### Requirement
Give the listing again word for word. Skip the pictures.

═══ Provided entries

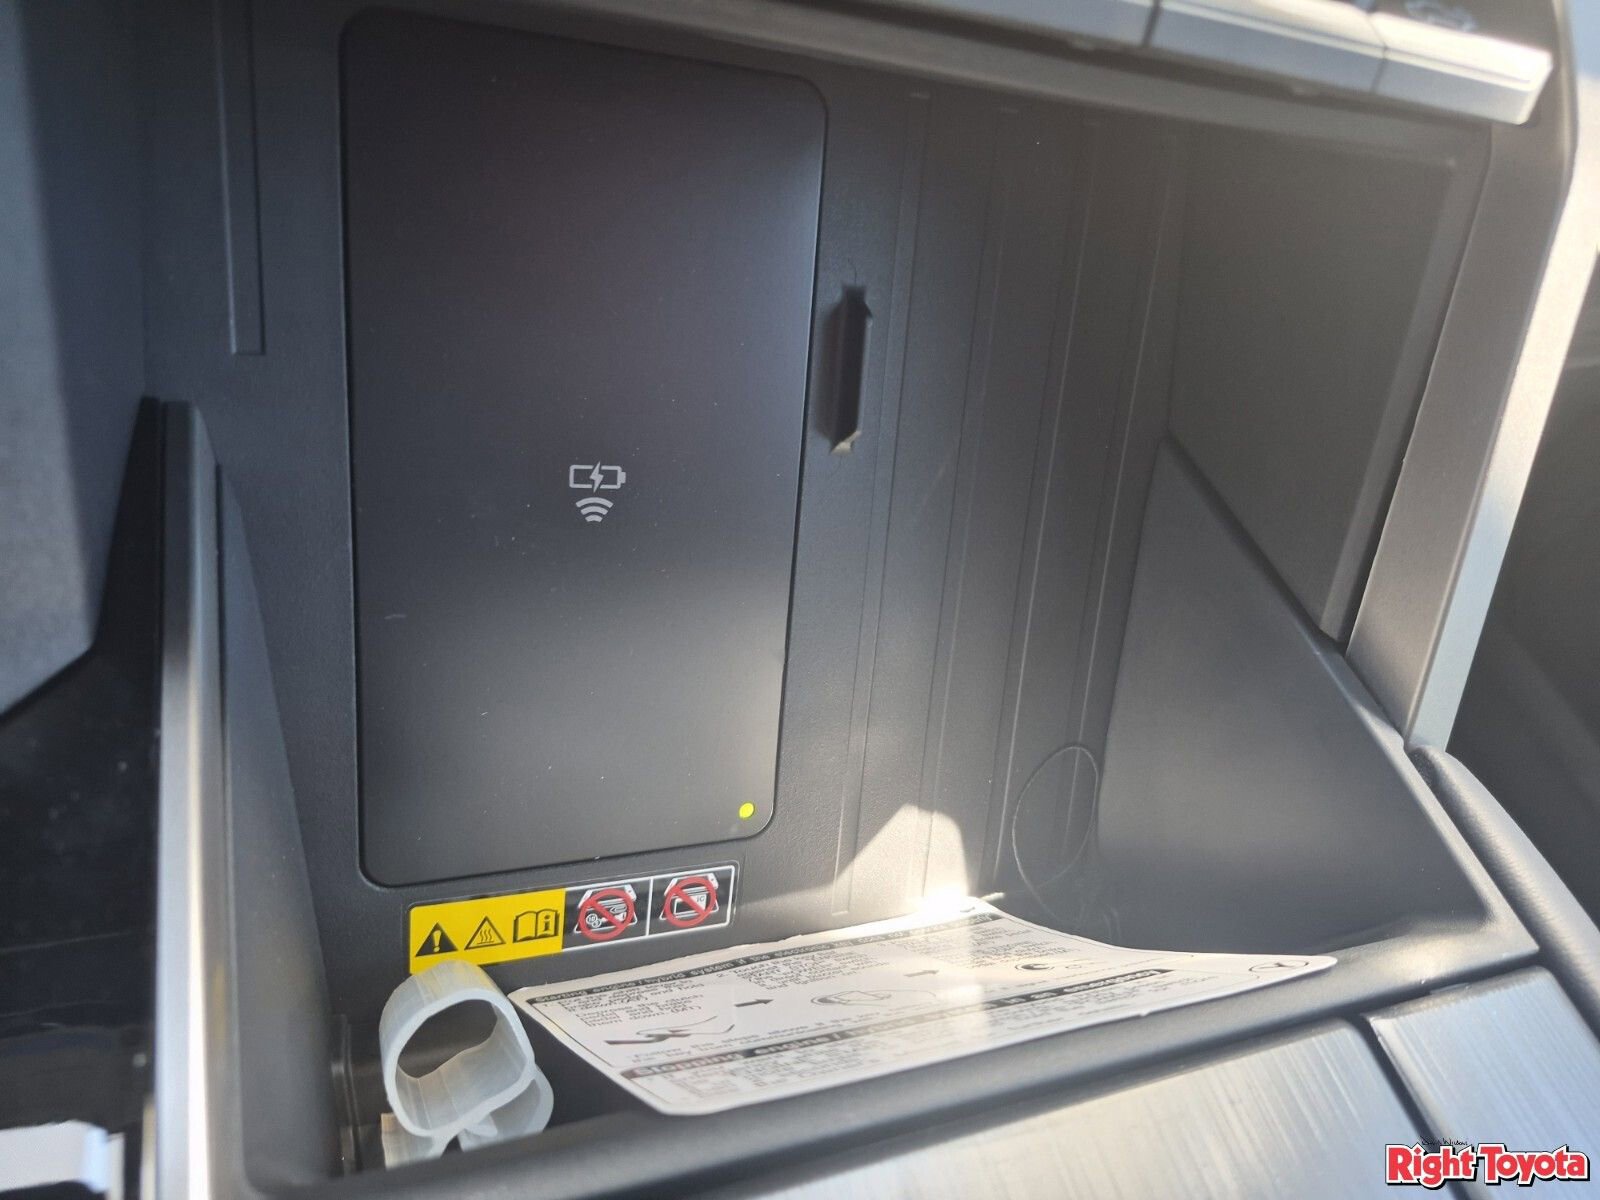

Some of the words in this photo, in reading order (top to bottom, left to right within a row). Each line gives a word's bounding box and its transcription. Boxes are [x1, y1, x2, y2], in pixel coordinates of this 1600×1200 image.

[535, 990, 588, 1003] Starting
[593, 982, 636, 994] engine
[644, 973, 686, 984] hybrid
[690, 963, 734, 976] system
[633, 1053, 744, 1076] Stopping
[754, 1037, 830, 1055] engine
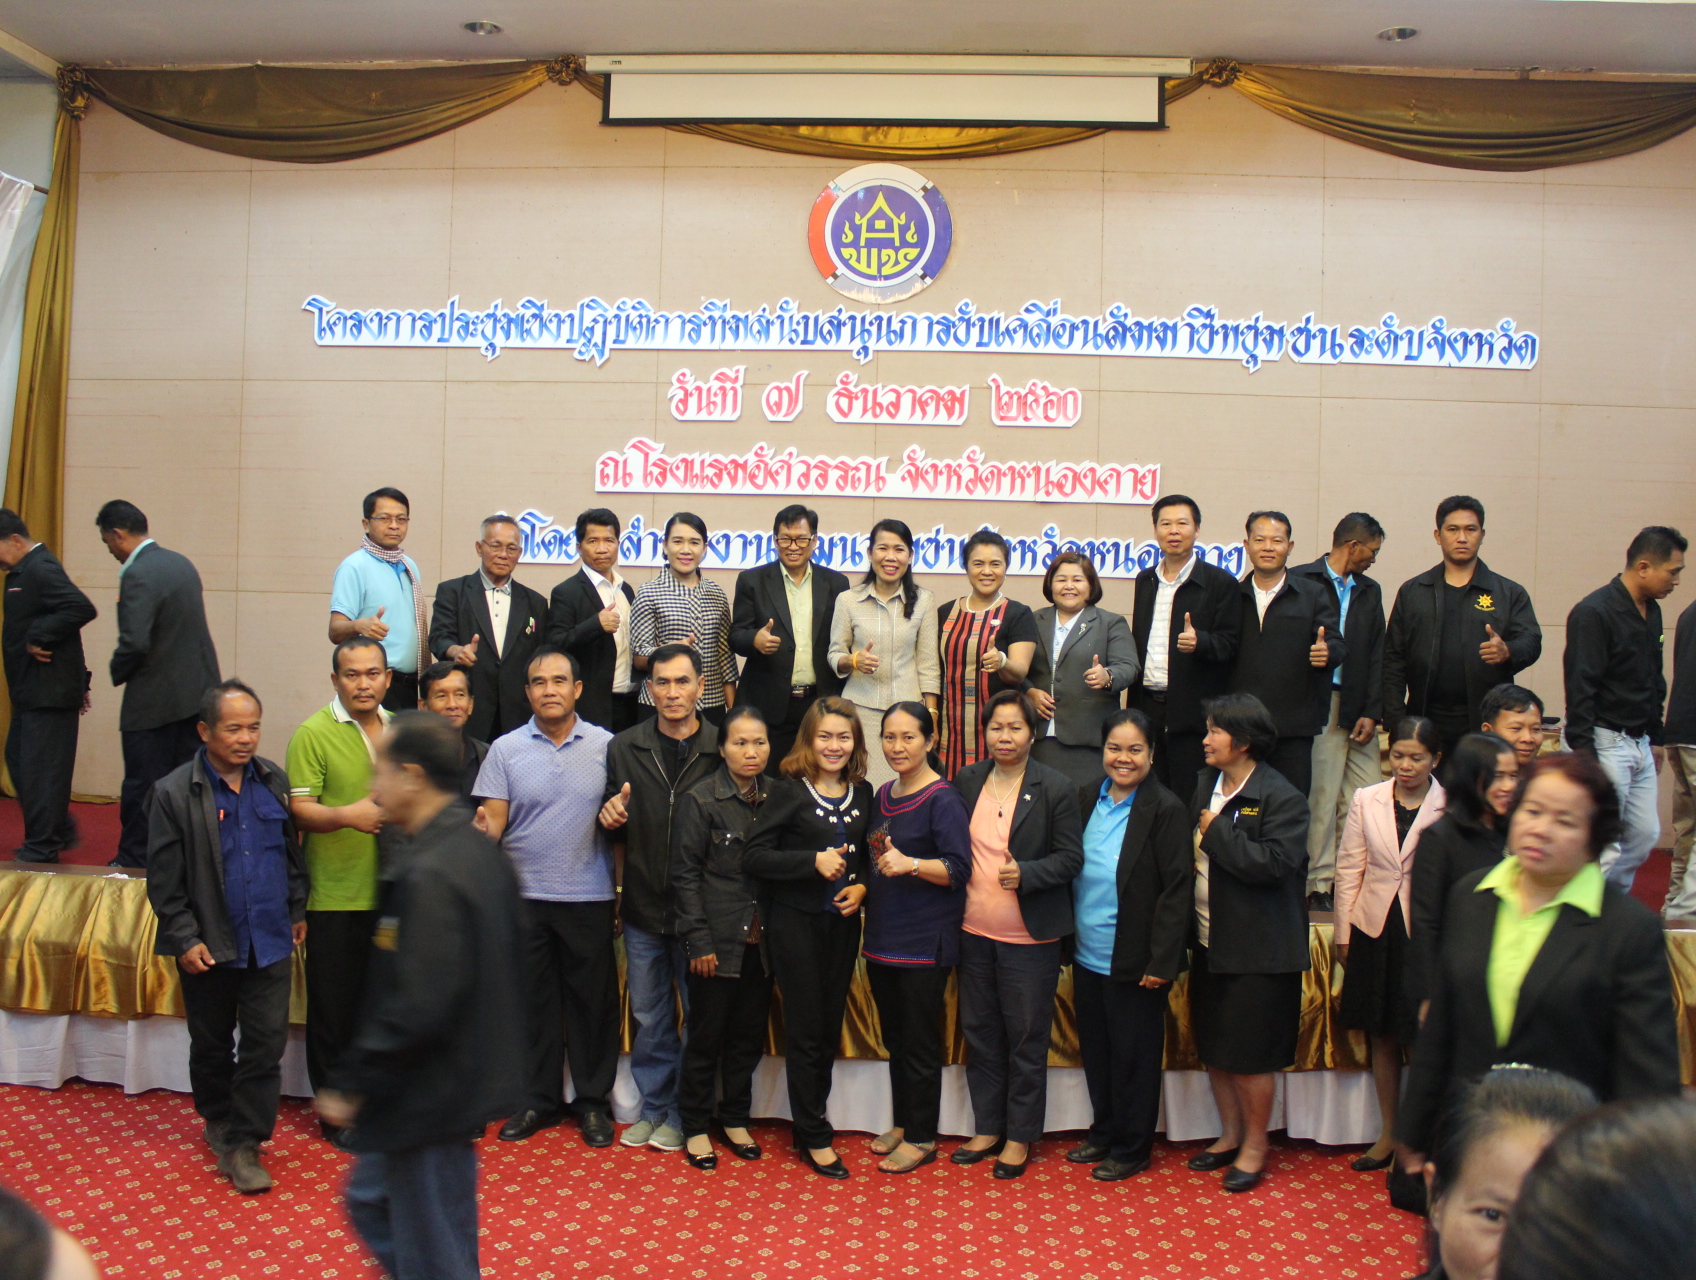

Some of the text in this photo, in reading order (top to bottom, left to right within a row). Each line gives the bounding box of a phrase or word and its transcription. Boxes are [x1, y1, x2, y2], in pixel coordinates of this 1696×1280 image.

[670, 368, 1079, 423] วันที่ ๗ ธันวาคม ๒๕๖๐
[899, 448, 1159, 500] จังหวัดหนองคาย
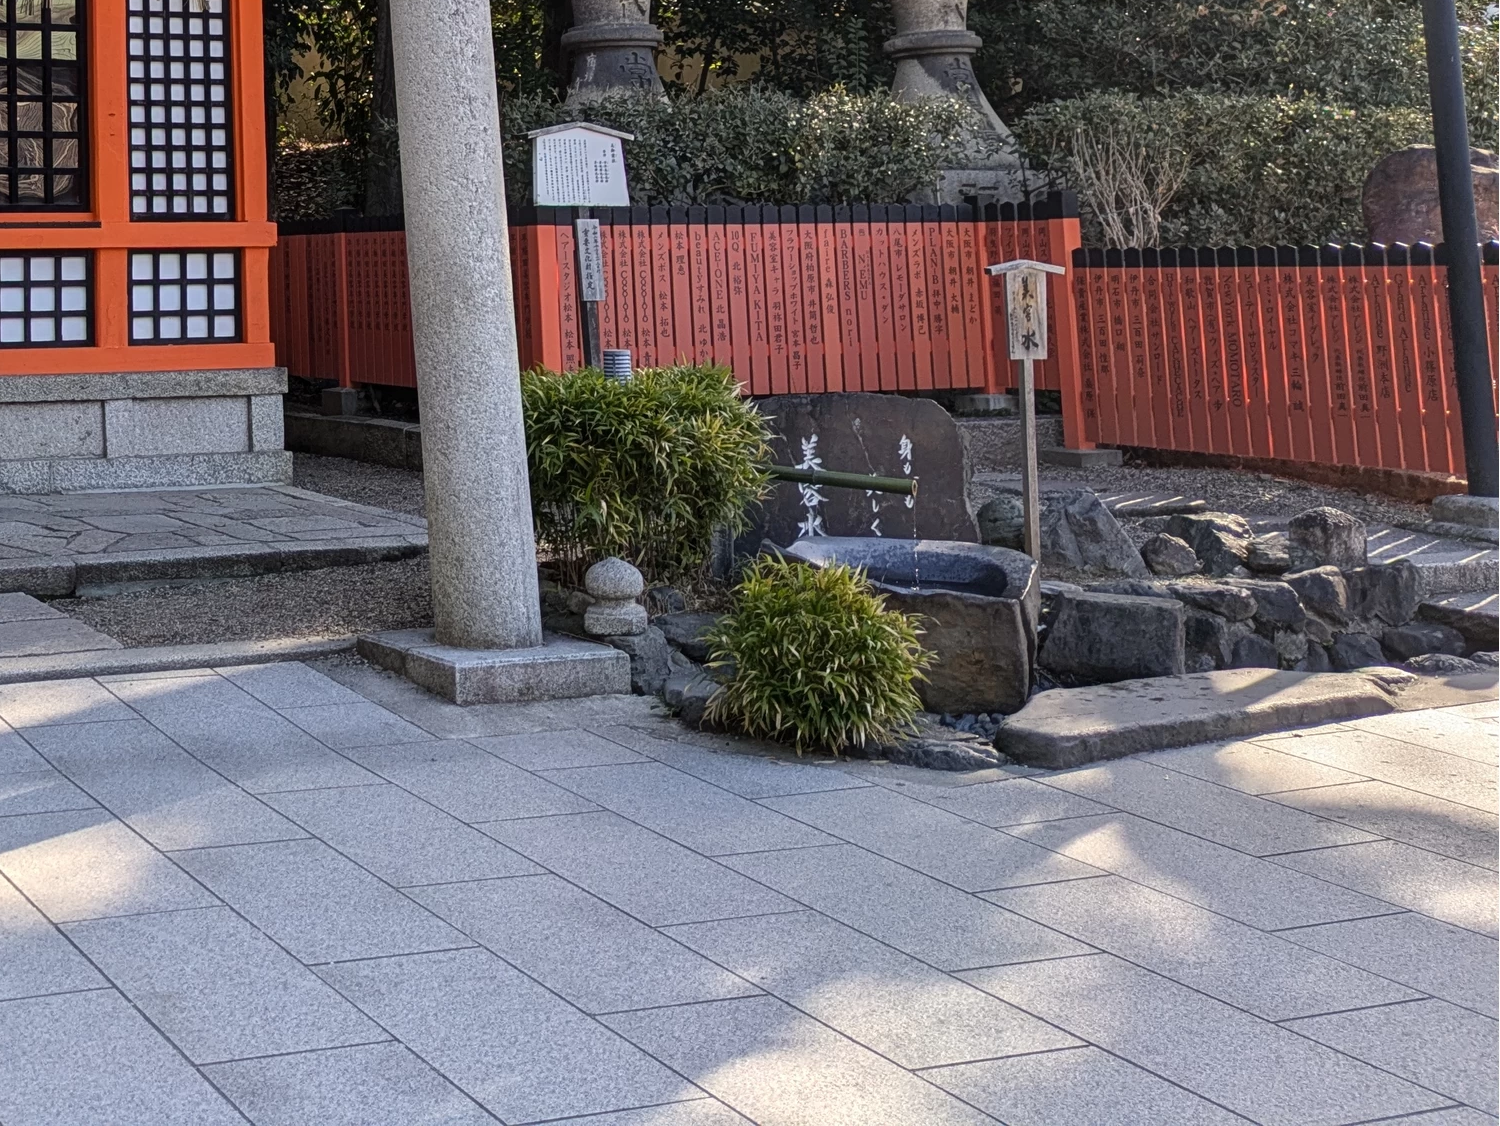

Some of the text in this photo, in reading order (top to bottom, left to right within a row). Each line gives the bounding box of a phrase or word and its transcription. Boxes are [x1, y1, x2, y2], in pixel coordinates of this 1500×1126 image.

══════

### Completed exercise
Some of the words in this photo, in reading order (top to bottom, left to right within a row). Each line gives a word's bounding box and its transcription. Boxes are [x1, y1, x2, y2], in pixel coordinates of this 1600×1200 image.

[535, 990, 588, 1003] Starting
[593, 982, 636, 994] engine
[644, 973, 686, 984] hybrid
[690, 963, 734, 976] system
[633, 1053, 744, 1076] Stopping
[754, 1037, 830, 1055] engine

Some of the text in this photo, in reading order (top to bottom, left to right within a row). Each line gives the bounding box of a phrase or word and its transcription. Boxes are [x1, y1, x2, y2], in pixel coordinates of this 1696×1280 image.

[670, 368, 1079, 423] วันที่ ๗ ธันวาคม ๒๕๖๐
[899, 448, 1159, 500] จังหวัดหนองคาย

Some of the text in this photo, in reading order (top to bottom, left to right within a row). Each line gives the bounding box of a phrase or word and its transcription. Boxes are [x1, y1, x2, y2], in pixel coordinates of this 1500×1126 image.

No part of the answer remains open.